Missouri University of Science and Technology, Department of Mechanical and Aerospace Engineering, Rolla, MO, 65409, USA.
Sci Rep. 2019 Apr 5;9(1):5729. doi: 10.1038/s41598-019-42090-4.
Functional magnetic resonance imaging has revealed correlated activities in brain regions even in the absence of a task. Initial studies assumed this resting-state functional connectivity (FC) to be stationary in nature, but recent studies have modeled these activities as a dynamic network. Dynamic spatiotemporal models better model the brain activities, but are computationally more involved. A comparison of static and dynamic FCs was made to quantitatively study their efficacies in identifying intrinsic individual connectivity patterns using data from the Human Connectome Project. Results show that the intrinsic individual brain connectivity pattern can be used as a 'fingerprint' to distinguish among and identify subjects and is more accurately captured with partial correlation and assuming static FC. It was also seen that the intrinsic individual brain connectivity patterns were invariant over a few months. Additionally, biological sex identification was successfully performed using the intrinsic individual connectivity patterns, and group averages of male and female FC matrices. Edge consistency, edge variability and differential power measures were used to identify the major resting-state networks involved in identifying subjects and their sex.

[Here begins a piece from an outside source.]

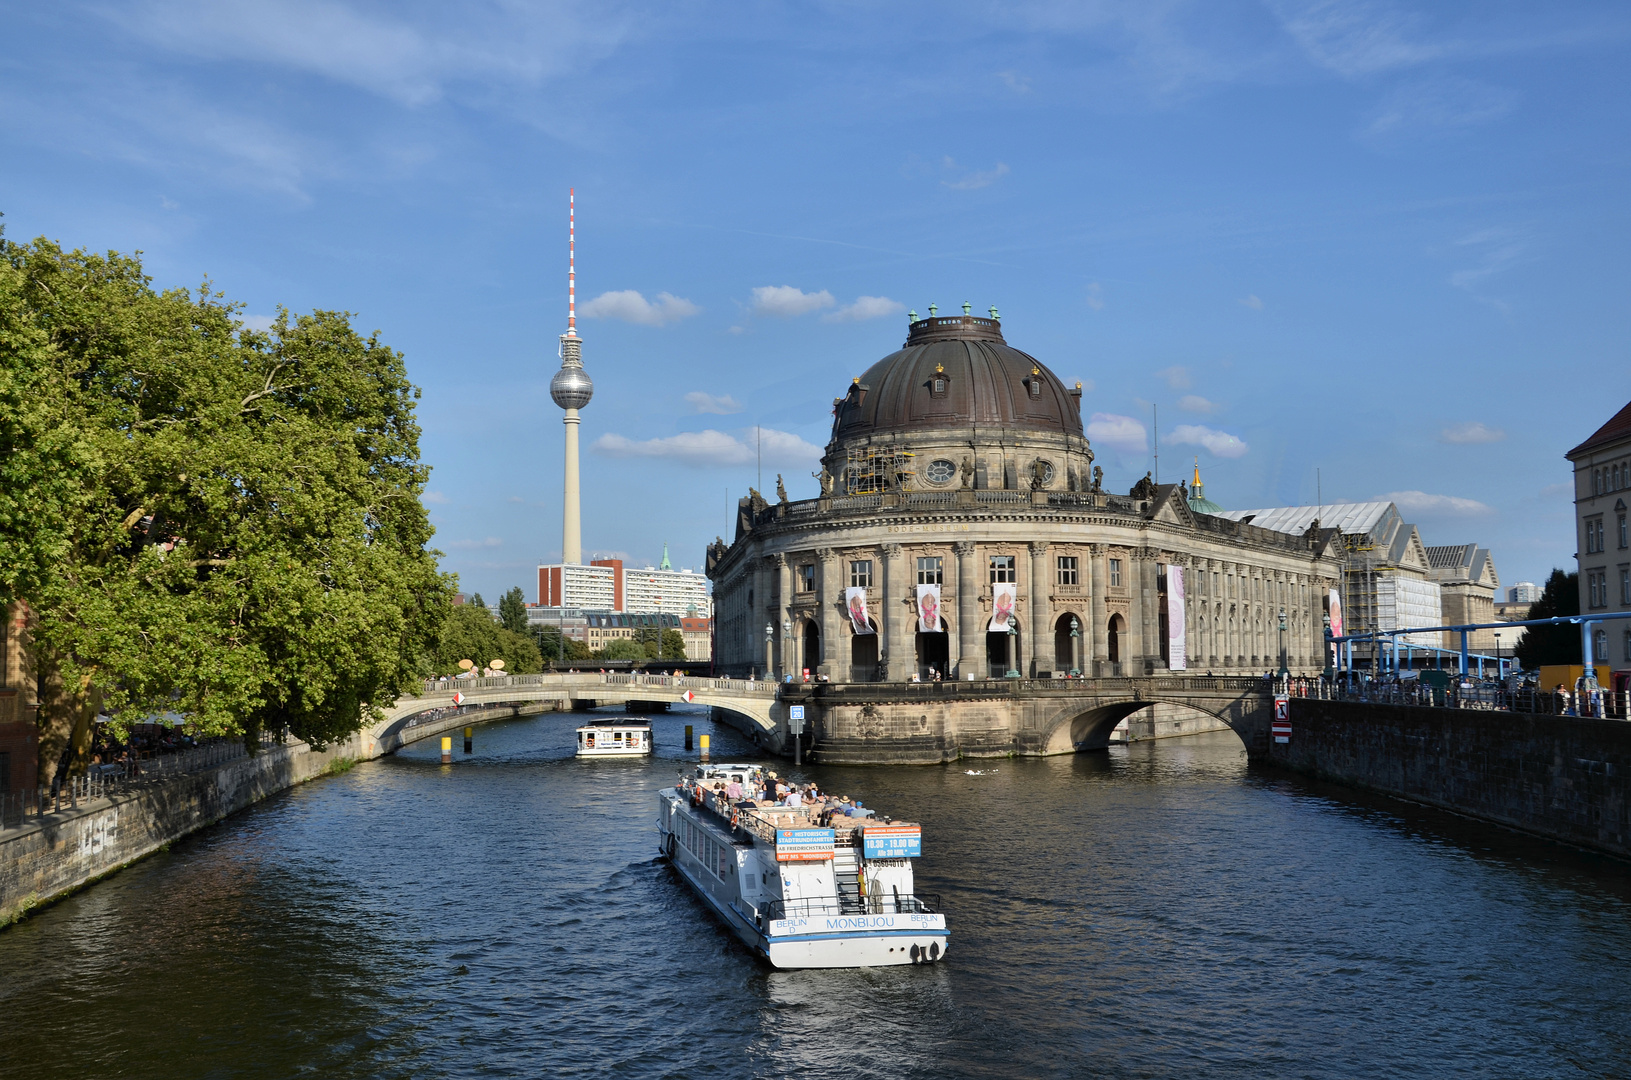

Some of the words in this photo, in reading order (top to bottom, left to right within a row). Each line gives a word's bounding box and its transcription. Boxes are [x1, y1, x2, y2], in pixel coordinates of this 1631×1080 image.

[888, 524, 969, 532] BODE-MUSEUM
[776, 919, 807, 928] BERLIN
[826, 917, 894, 929] MONBIJOU
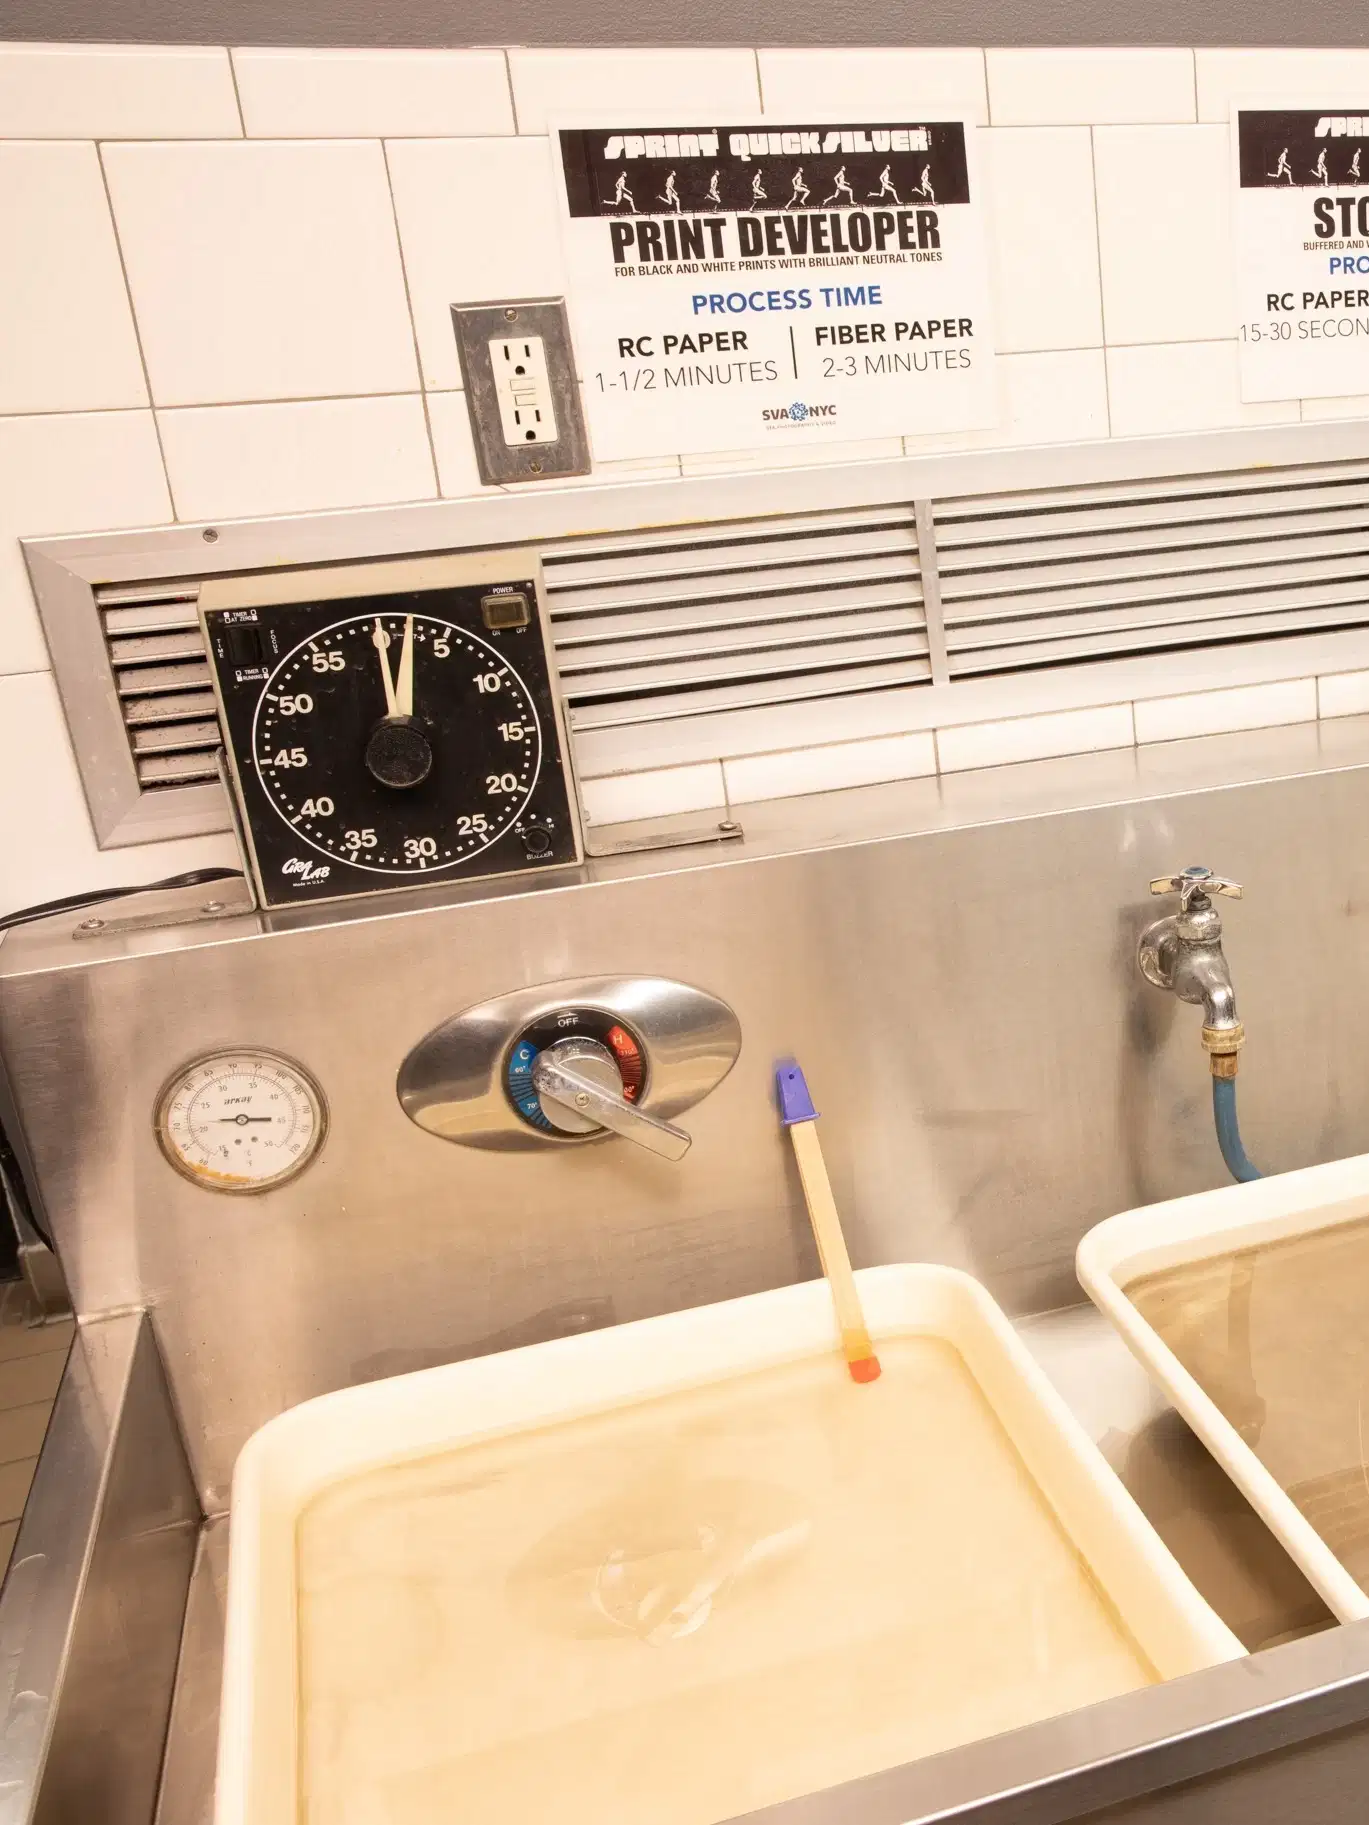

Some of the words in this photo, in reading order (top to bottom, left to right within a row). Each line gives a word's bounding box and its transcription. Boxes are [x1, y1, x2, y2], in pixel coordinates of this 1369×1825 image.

功能磁共振成像已经揭示了即使在没有任务的情况下,大脑区域也存在相关活动。最初的研究假设这种静息状态功能连接(FC)是稳定的,但最近的研究已经将这些活动建模为一个动态网络。动态时空模型可以更好地模拟大脑活动,但计算量更大。通过比较静态和动态 FC,使用来自人类连接组计划的数据来定量研究它们在识别内在个体连接模式方面的功效。结果表明,内在个体脑连接模式可用作区分和识别受试者的“指纹”,并且通过部分相关和假设的静态 FC 更准确地捕捉到。还发现,内在个体脑连接模式在几个月内是不变的。此外,使用内在个体连接模式以及男性和女性 FC 矩阵的组平均值成功地进行了生物性别识别。边缘一致性、边缘可变性和差分功率测量用于识别涉及识别受试者及其性别的主要静息状态网络。